>>

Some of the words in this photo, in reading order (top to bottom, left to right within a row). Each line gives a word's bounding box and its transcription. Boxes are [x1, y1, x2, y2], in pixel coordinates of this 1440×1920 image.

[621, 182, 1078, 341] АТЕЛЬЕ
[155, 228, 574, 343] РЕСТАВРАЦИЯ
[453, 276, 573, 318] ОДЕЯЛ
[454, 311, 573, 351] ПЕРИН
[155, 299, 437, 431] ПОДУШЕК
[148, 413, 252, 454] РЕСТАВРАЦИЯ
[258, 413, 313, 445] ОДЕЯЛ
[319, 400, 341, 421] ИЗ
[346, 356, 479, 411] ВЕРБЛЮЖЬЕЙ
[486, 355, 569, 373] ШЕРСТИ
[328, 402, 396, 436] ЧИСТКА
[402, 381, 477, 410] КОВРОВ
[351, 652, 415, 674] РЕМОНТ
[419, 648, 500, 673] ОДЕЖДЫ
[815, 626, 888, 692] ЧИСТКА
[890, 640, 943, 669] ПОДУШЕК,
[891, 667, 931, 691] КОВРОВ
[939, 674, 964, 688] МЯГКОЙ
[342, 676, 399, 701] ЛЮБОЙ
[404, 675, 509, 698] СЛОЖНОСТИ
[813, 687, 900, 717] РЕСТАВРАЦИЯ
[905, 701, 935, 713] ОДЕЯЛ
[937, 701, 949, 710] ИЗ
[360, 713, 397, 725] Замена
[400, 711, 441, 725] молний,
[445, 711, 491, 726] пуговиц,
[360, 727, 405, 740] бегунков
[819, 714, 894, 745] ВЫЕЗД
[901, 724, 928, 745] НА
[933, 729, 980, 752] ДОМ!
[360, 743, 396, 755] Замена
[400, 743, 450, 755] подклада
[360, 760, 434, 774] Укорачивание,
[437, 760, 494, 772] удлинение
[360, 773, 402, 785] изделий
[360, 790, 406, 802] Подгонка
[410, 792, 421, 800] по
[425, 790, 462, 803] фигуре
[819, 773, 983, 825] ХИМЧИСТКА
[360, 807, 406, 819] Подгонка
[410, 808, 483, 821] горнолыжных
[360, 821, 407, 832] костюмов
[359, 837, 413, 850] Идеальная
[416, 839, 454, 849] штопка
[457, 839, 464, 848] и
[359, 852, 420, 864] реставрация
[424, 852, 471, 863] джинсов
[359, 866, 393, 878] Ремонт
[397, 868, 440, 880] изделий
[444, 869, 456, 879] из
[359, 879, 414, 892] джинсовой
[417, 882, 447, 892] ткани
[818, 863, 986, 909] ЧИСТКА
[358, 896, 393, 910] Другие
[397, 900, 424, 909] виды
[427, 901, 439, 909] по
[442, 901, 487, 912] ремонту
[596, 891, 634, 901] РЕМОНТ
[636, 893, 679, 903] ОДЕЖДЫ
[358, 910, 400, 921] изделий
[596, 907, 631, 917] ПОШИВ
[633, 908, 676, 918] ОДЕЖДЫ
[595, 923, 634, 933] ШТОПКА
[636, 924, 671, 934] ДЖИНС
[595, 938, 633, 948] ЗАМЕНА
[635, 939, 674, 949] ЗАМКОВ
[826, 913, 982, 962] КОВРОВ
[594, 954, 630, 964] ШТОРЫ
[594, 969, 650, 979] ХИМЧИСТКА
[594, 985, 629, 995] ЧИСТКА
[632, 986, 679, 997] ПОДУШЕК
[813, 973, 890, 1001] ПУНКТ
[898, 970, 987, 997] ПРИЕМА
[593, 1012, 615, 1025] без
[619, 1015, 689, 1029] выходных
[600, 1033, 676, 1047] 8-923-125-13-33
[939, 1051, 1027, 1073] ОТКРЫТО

<<

**Task to carry out**: The whole of the data must be given again, exactly as shown.

**Written reply**:
Some of the words in this photo, in reading order (top to bottom, left to right within a row). Each line gives a word's bounding box and its transcription. Boxes are [x1, y1, x2, y2], in pixel coordinates of this 1440×1920 image.

[621, 182, 1078, 341] АТЕЛЬЕ
[155, 228, 574, 343] РЕСТАВРАЦИЯ
[453, 276, 573, 318] ОДЕЯЛ
[454, 311, 573, 351] ПЕРИН
[155, 299, 437, 431] ПОДУШЕК
[148, 413, 252, 454] РЕСТАВРАЦИЯ
[258, 413, 313, 445] ОДЕЯЛ
[319, 400, 341, 421] ИЗ
[346, 356, 479, 411] ВЕРБЛЮЖЬЕЙ
[486, 355, 569, 373] ШЕРСТИ
[328, 402, 396, 436] ЧИСТКА
[402, 381, 477, 410] КОВРОВ
[351, 652, 415, 674] РЕМОНТ
[419, 648, 500, 673] ОДЕЖДЫ
[815, 626, 888, 692] ЧИСТКА
[890, 640, 943, 669] ПОДУШЕК,
[891, 667, 931, 691] КОВРОВ
[939, 674, 964, 688] МЯГКОЙ
[342, 676, 399, 701] ЛЮБОЙ
[404, 675, 509, 698] СЛОЖНОСТИ
[813, 687, 900, 717] РЕСТАВРАЦИЯ
[905, 701, 935, 713] ОДЕЯЛ
[937, 701, 949, 710] ИЗ
[360, 713, 397, 725] Замена
[400, 711, 441, 725] молний,
[445, 711, 491, 726] пуговиц,
[360, 727, 405, 740] бегунков
[819, 714, 894, 745] ВЫЕЗД
[901, 724, 928, 745] НА
[933, 729, 980, 752] ДОМ!
[360, 743, 396, 755] Замена
[400, 743, 450, 755] подклада
[360, 760, 434, 774] Укорачивание,
[437, 760, 494, 772] удлинение
[360, 773, 402, 785] изделий
[360, 790, 406, 802] Подгонка
[410, 792, 421, 800] по
[425, 790, 462, 803] фигуре
[819, 773, 983, 825] ХИМЧИСТКА
[360, 807, 406, 819] Подгонка
[410, 808, 483, 821] горнолыжных
[360, 821, 407, 832] костюмов
[359, 837, 413, 850] Идеальная
[416, 839, 454, 849] штопка
[457, 839, 464, 848] и
[359, 852, 420, 864] реставрация
[424, 852, 471, 863] джинсов
[359, 866, 393, 878] Ремонт
[397, 868, 440, 880] изделий
[444, 869, 456, 879] из
[359, 879, 414, 892] джинсовой
[417, 882, 447, 892] ткани
[818, 863, 986, 909] ЧИСТКА
[358, 896, 393, 910] Другие
[397, 900, 424, 909] виды
[427, 901, 439, 909] по
[442, 901, 487, 912] ремонту
[596, 891, 634, 901] РЕМОНТ
[636, 893, 679, 903] ОДЕЖДЫ
[358, 910, 400, 921] изделий
[596, 907, 631, 917] ПОШИВ
[633, 908, 676, 918] ОДЕЖДЫ
[595, 923, 634, 933] ШТОПКА
[636, 924, 671, 934] ДЖИНС
[595, 938, 633, 948] ЗАМЕНА
[635, 939, 674, 949] ЗАМКОВ
[826, 913, 982, 962] КОВРОВ
[594, 954, 630, 964] ШТОРЫ
[594, 969, 650, 979] ХИМЧИСТКА
[594, 985, 629, 995] ЧИСТКА
[632, 986, 679, 997] ПОДУШЕК
[813, 973, 890, 1001] ПУНКТ
[898, 970, 987, 997] ПРИЕМА
[593, 1012, 615, 1025] без
[619, 1015, 689, 1029] выходных
[600, 1033, 676, 1047] 8-923-125-13-33
[939, 1051, 1027, 1073] ОТКРЫТО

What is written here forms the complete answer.